La routine beauté quand la température baisse : ce qui change sur le visage, les mains, les lèvres, la douche et les cheveux, et les comparatifs qui vont avec.
Chaque automne, les mêmes symptômes reviennent : la peau tiraille après la douche, les lèvres pèlent, les mains craquellent, les cheveux se chargent d’électricité statique. Ce n’est pas une question de mauvais produit, c’est une question de saison : l’air froid contient moins d’eau, le chauffage assèche l’air intérieur, et le passage répété du chaud au froid met la microcirculation à rude épreuve. Une routine d’été, parfaitement adaptée en juillet, devient insuffisante en novembre.
Le principe est simple : on ne change pas tout, on densifie. Les textures fluides laissent la place à des textures plus riches, on ajoute une étape occlusive le soir, on descend la température de l’eau, et on protège les zones découvertes. Voici, rubrique par rubrique, ce qui mérite d’être revu.

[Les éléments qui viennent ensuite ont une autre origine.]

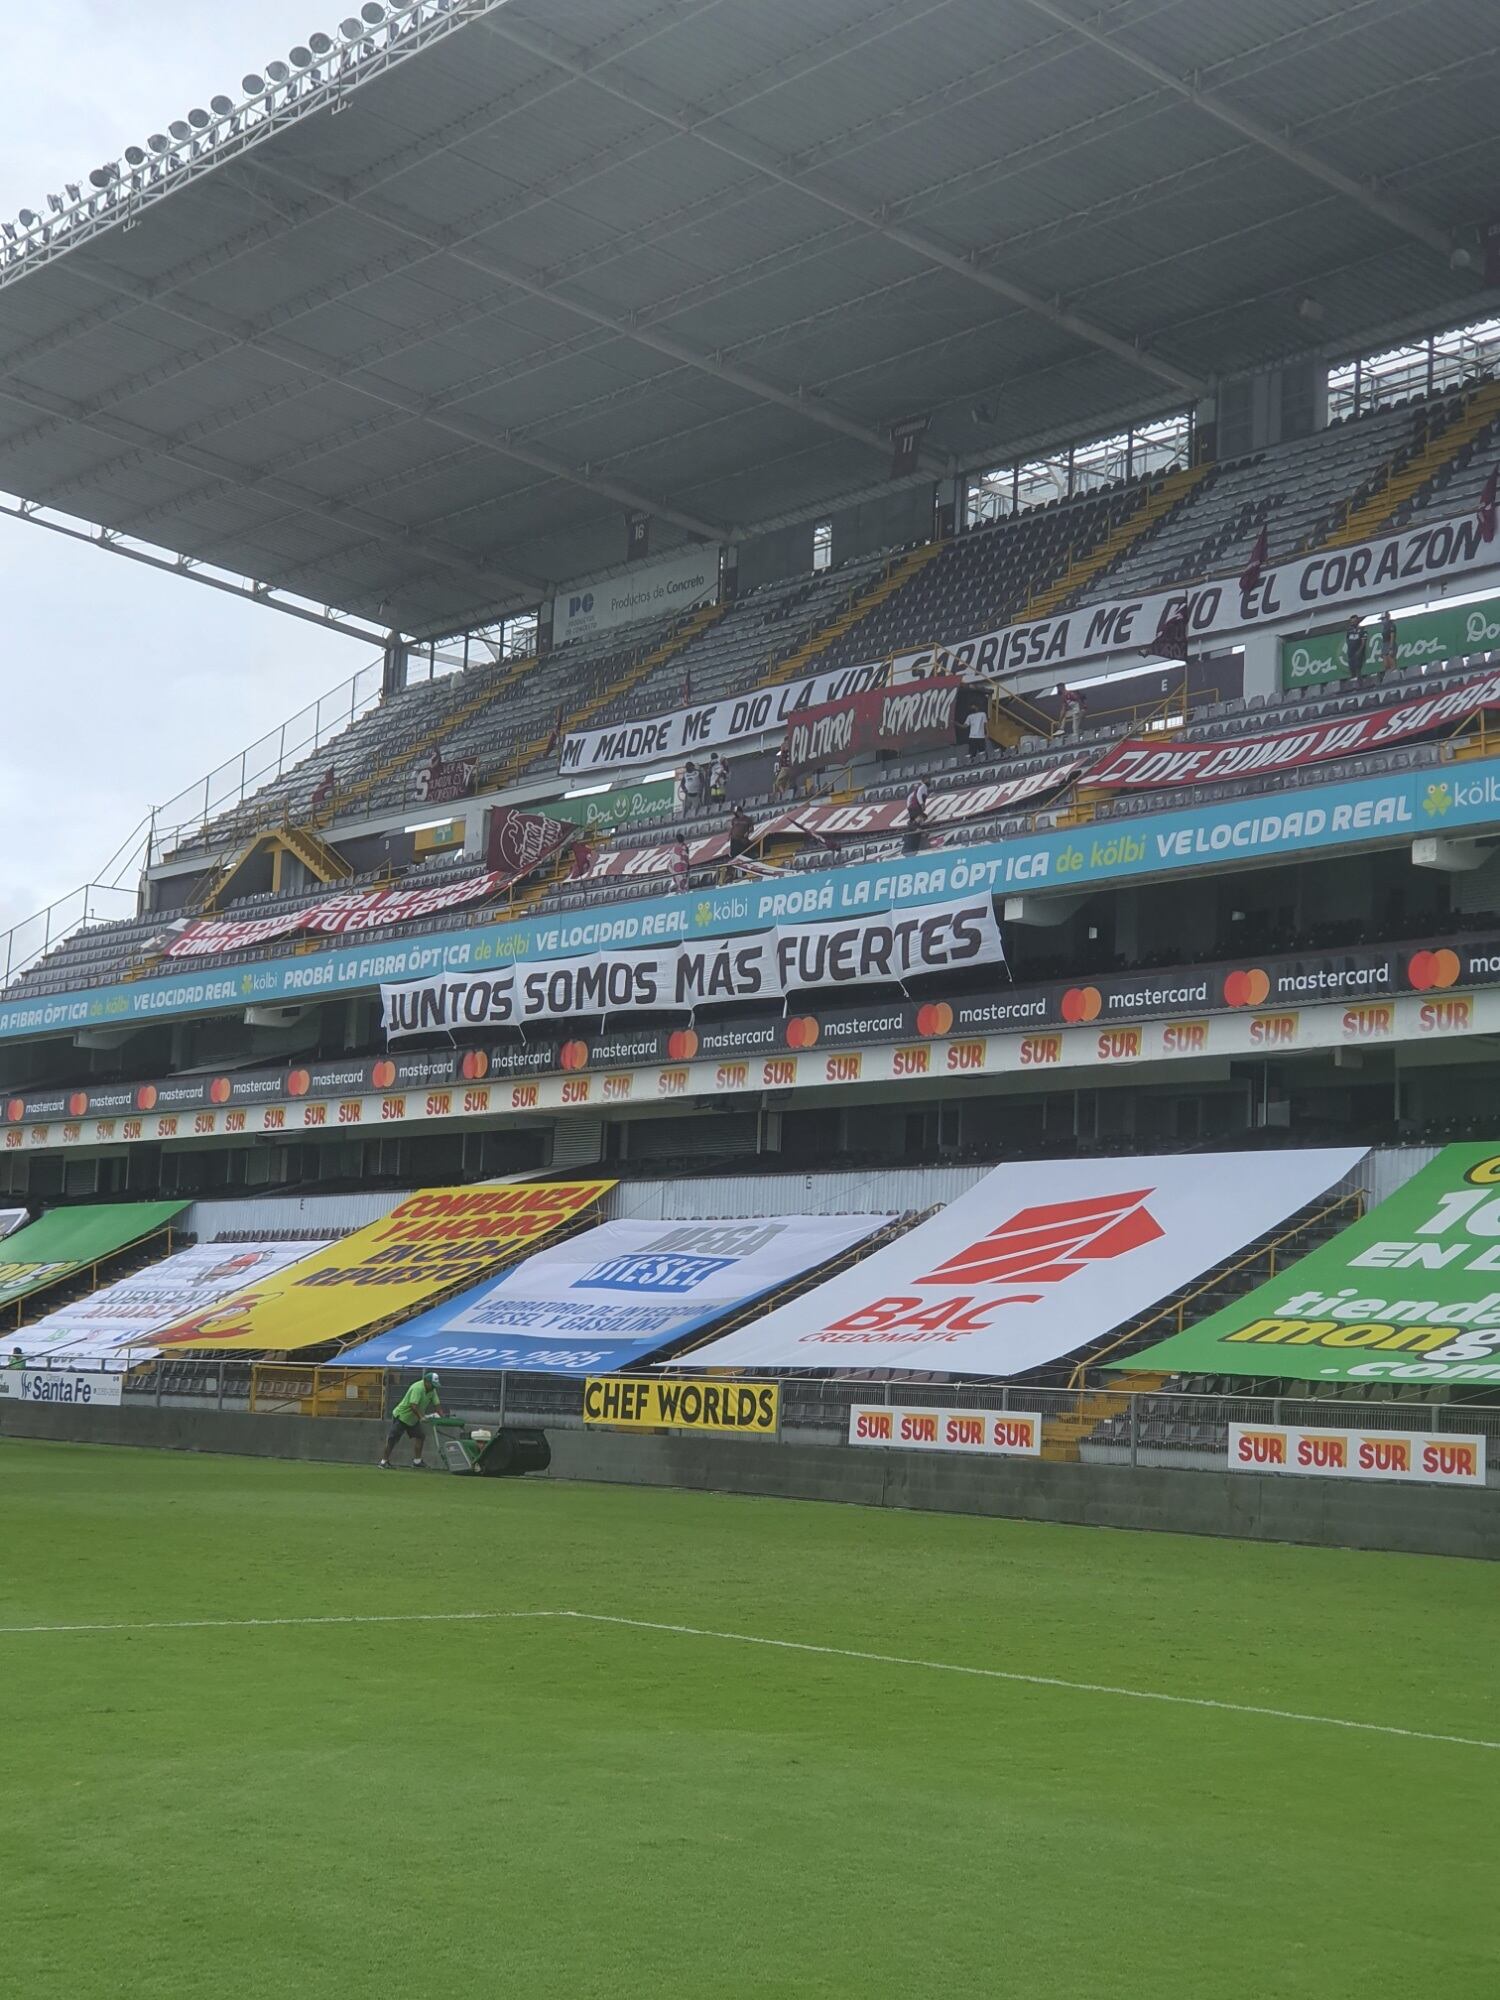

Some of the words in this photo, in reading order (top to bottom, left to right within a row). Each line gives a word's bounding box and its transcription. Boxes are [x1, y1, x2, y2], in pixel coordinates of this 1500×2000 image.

[611, 592, 651, 611] Productos
[653, 585, 664, 598] de
[666, 575, 705, 594] Concreto
[562, 738, 586, 767] MI
[592, 721, 675, 763] MADRE
[682, 705, 717, 746] ME
[728, 693, 774, 736] DIO
[777, 680, 816, 722] LA
[911, 619, 1071, 680] SAPRISSA
[1084, 603, 1143, 649] ME
[1240, 573, 1280, 620] EL
[1299, 519, 1482, 601] CORAZÓN
[1291, 648, 1337, 678] Dos
[1365, 632, 1447, 664] Pnos
[790, 707, 856, 765] CULTURA
[1134, 749, 1213, 785] OYE
[1205, 739, 1299, 778] COMO
[586, 803, 613, 824] Dos
[629, 792, 679, 817] Pinos
[789, 803, 892, 834] LOS
[10, 1009, 44, 1028] FIBRA
[45, 1002, 89, 1024] ÖPTICA
[134, 987, 204, 1011] VELOCIDAD
[206, 980, 238, 1001] REAL
[254, 970, 278, 990] kölbi
[283, 959, 334, 990] PROBÁ
[338, 963, 358, 985] LA
[359, 955, 406, 983] FIBRA
[408, 943, 471, 973] ÖPTICA
[476, 939, 491, 962] de
[497, 933, 530, 959] kölbi
[536, 918, 638, 952] VELOCIDAD
[642, 910, 689, 934] REAL
[713, 898, 748, 922] kölbi
[758, 880, 834, 919] PROBÁ
[841, 879, 874, 906] LA
[874, 868, 946, 903] FIBRA
[950, 852, 1050, 889] ÖPTICA
[1056, 845, 1083, 874] de
[1090, 834, 1147, 868] kölbi
[1156, 808, 1327, 859] VELOCIDAD
[1331, 795, 1413, 832] REAL
[169, 936, 230, 956] COMO
[307, 912, 348, 931] TU
[343, 880, 494, 932] EXISTENCIA
[389, 977, 515, 1032] JUNTOS
[524, 962, 659, 1015] SOMOS
[675, 941, 763, 1004] MÁS
[776, 906, 988, 991] FUERTES
[26, 1100, 65, 1114] mastercard
[89, 1092, 132, 1108] mastercard
[159, 1086, 204, 1101] mastercard
[233, 1080, 281, 1094] mastercard
[312, 1070, 364, 1087] mastercard
[398, 1059, 454, 1079] mastercard
[492, 1049, 551, 1070] mastercard
[592, 1039, 657, 1060] mastercard
[703, 1027, 774, 1048] mastercard
[824, 1013, 903, 1037] mastercard
[959, 998, 1046, 1023] mastercard
[1108, 983, 1207, 1010] mastercard
[1278, 963, 1390, 992] mastercard
[6, 1130, 22, 1147] SUR
[63, 1125, 80, 1142] SUR
[96, 1122, 114, 1140] SUR
[123, 1120, 142, 1139] SUR
[158, 1116, 177, 1136] SUR
[195, 1114, 214, 1133] SUR
[225, 1112, 245, 1131] SUR
[264, 1109, 284, 1128] SUR
[304, 1106, 325, 1124] SUR
[338, 1104, 360, 1122] SUR
[382, 1100, 403, 1119] SUR
[427, 1095, 449, 1115] SUR
[464, 1091, 488, 1112] SUR
[512, 1087, 537, 1108] SUR
[562, 1082, 588, 1103] SUR
[603, 1076, 630, 1099] SUR
[658, 1071, 686, 1094] SUR
[716, 1065, 746, 1089] SUR
[763, 1061, 794, 1085] SUR
[826, 1056, 857, 1081] SUR
[893, 1049, 928, 1074] SUR
[947, 1044, 984, 1070] SUR
[1020, 1039, 1057, 1065] SUR
[1097, 1032, 1138, 1060] SUR
[1163, 1024, 1205, 1053] SUR
[1250, 1016, 1295, 1046] SUR
[1342, 1007, 1390, 1038] SUR
[1419, 1002, 1470, 1033] SUR
[390, 1185, 604, 1219] CONFIANZA
[371, 1220, 405, 1242] Y
[402, 1212, 566, 1242] AHORRO
[632, 1223, 789, 1257] MEGA
[359, 1243, 414, 1265] EN
[410, 1238, 520, 1265] CADA
[1346, 1241, 1474, 1269] EN
[292, 1261, 484, 1287] REPUESTO
[580, 1256, 726, 1286] DIESEL
[467, 1311, 545, 1327] DIESEL
[540, 1313, 562, 1328] Y
[557, 1315, 671, 1332] GASOLINA
[472, 1299, 590, 1318] LABORATORIO
[589, 1304, 620, 1317] DE
[820, 1294, 1046, 1331] BAC
[798, 1331, 973, 1343] CREDOMATIC
[32, 1375, 73, 1402] Santa
[74, 1377, 92, 1403] Fe
[585, 1382, 650, 1421] CHEF
[657, 1384, 774, 1428] WORLDS
[856, 1416, 891, 1440] SUR
[900, 1418, 936, 1442] SUR
[946, 1420, 983, 1446] SUR
[994, 1423, 1033, 1448] SUR
[1238, 1436, 1285, 1465] SUR
[1297, 1440, 1347, 1468] SUR
[1358, 1443, 1410, 1471] SUR
[1422, 1446, 1476, 1476] SUR

Le visage : passer du fluide au riche
Une crème hydratante d’été retient l’eau ; en hiver, il faut aussi l’empêcher de s’évaporer. C’est le rôle des agents occlusifs (beurres, cires, céramides). Le sérum, lui, ne change pas : il travaille sous la crème, pas à sa place. Et le masque, une à deux fois par semaine, redevient utile quand la peau ne suit plus.
Les zones qui souffrent en premier : mains et lèvres
Le dos de la main possède peu de glandes sébacées, donc peu de film gras protecteur, et il est lavé plusieurs fois par jour. Les lèvres n’ont pas de couche cornée protectrice digne de ce nom. Ce sont les deux zones où l’écart entre un produit d’appoint et un vrai soin réparateur se voit en quarante-huit heures.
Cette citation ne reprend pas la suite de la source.